As shown in Figure 4, the HA strains emerged from different clades, suggesting that different strains may have different HA genes. Consistently, we further detected a total of 23 genes that could strictly separate the two lifestyles when limiting the comparison in subclades (each containing almost equal number of HA or NHA strains, Figure 6 and Table S3). It was noted that, among these, nine genes also showed a weak habitat association (p < 0.05, Fisher’s exact test) at the species level. Functional annotation revealed a gene (OG_1965) coding for an ABC transporter permease protein (COG0577).
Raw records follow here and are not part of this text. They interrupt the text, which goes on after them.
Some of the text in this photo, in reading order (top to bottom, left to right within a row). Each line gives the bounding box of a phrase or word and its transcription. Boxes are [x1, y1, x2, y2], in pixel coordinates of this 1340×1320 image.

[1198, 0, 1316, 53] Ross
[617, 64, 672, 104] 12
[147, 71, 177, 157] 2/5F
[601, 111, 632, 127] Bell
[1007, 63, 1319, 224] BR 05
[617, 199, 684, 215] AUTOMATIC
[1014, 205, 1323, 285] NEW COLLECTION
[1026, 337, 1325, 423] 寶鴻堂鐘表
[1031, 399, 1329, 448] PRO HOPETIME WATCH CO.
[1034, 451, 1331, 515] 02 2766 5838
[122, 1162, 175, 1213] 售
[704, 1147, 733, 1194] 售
Consistent with its distribution in HA strains in subclade III-b, it has been reported that it is associated with isolates from human gut compared with free-living environments in Oceanobacillus species [86]. However, the potential functions of most genes detected in the association with HA/NHA habitats remain unclear.
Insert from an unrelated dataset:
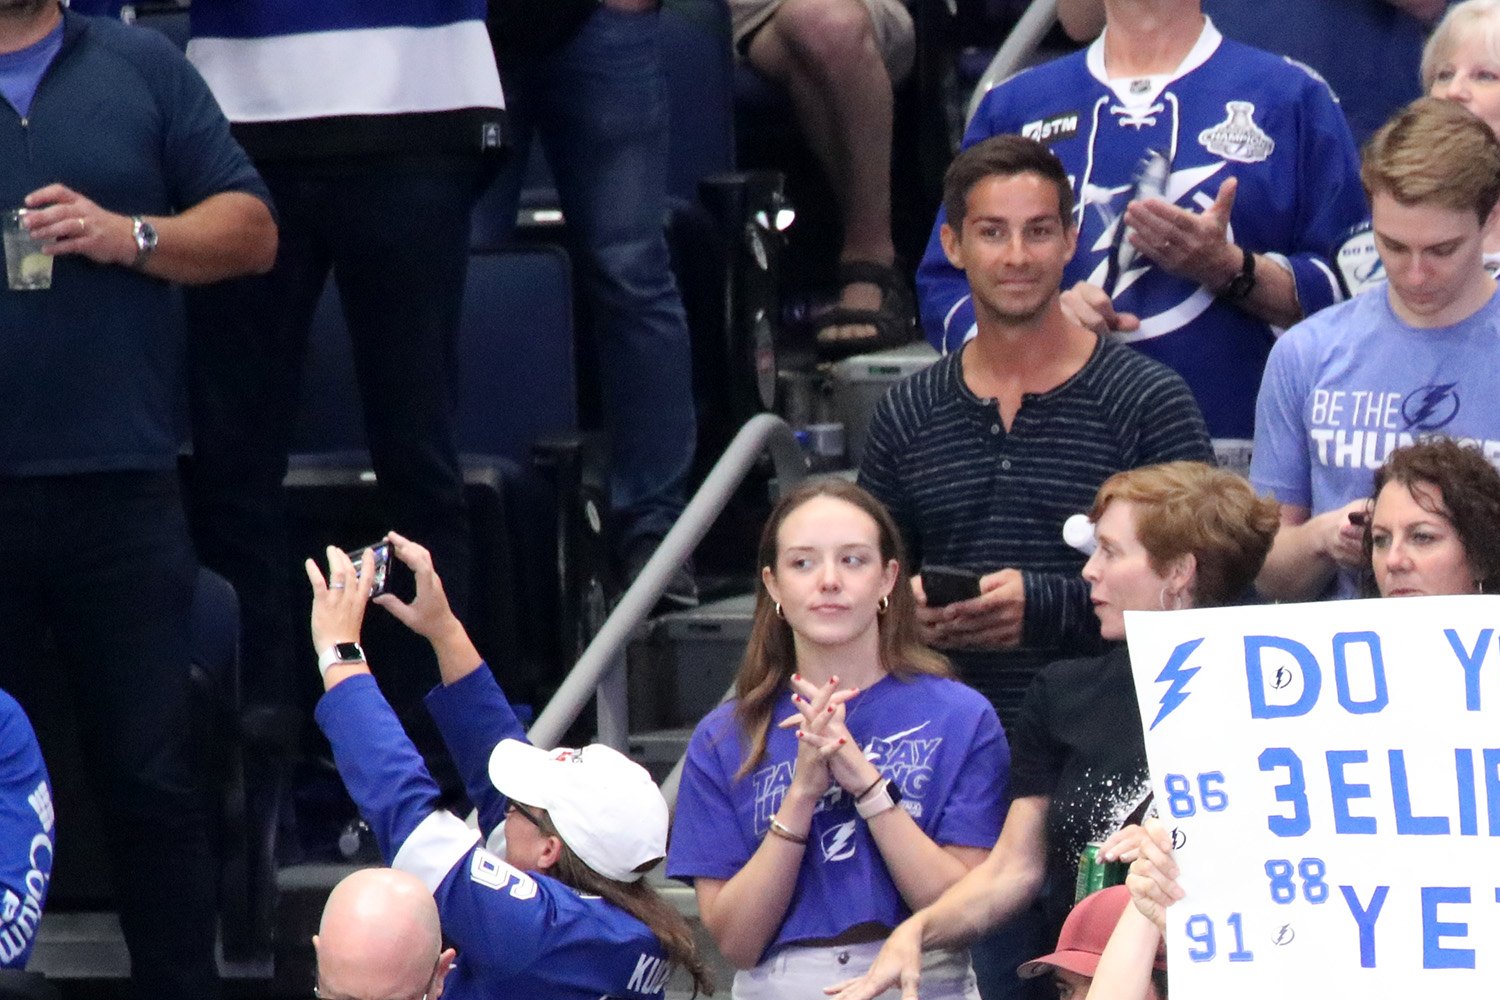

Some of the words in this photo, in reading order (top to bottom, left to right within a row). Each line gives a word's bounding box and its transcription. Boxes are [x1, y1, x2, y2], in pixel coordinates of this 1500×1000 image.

The above habitat-associated genes suggested that the nascent ecological differential has already been initiated and pathogenic strains and lineages in this species are merging. However, it is unclear whether the differentiation has been completed. It has been proposed that microbial speciation is usually driven by natural selection for adaptation to distinct ecological niches, and the distinctness is further maintained by barriers to gene flow. This process is not necessarily continuous and complete, and may be terminated at any time [25, 26, 87]. In fact, we did not detect any clues that recombination barriers have emerged between habitats, as there was no obvious difference in recombination parameters between datasets of HA, NHA, and all strains (Table 1). Here, using M. luteus, we have shown another case to depict the process of bacterial ecological differentiation, whether or not it proceeds to completion: niche-specifying (adaptive) variant has already emerged, but probably because of the high-level recombination and the strong diffusibility between different niches of the species, the separation process seems to be suppressed.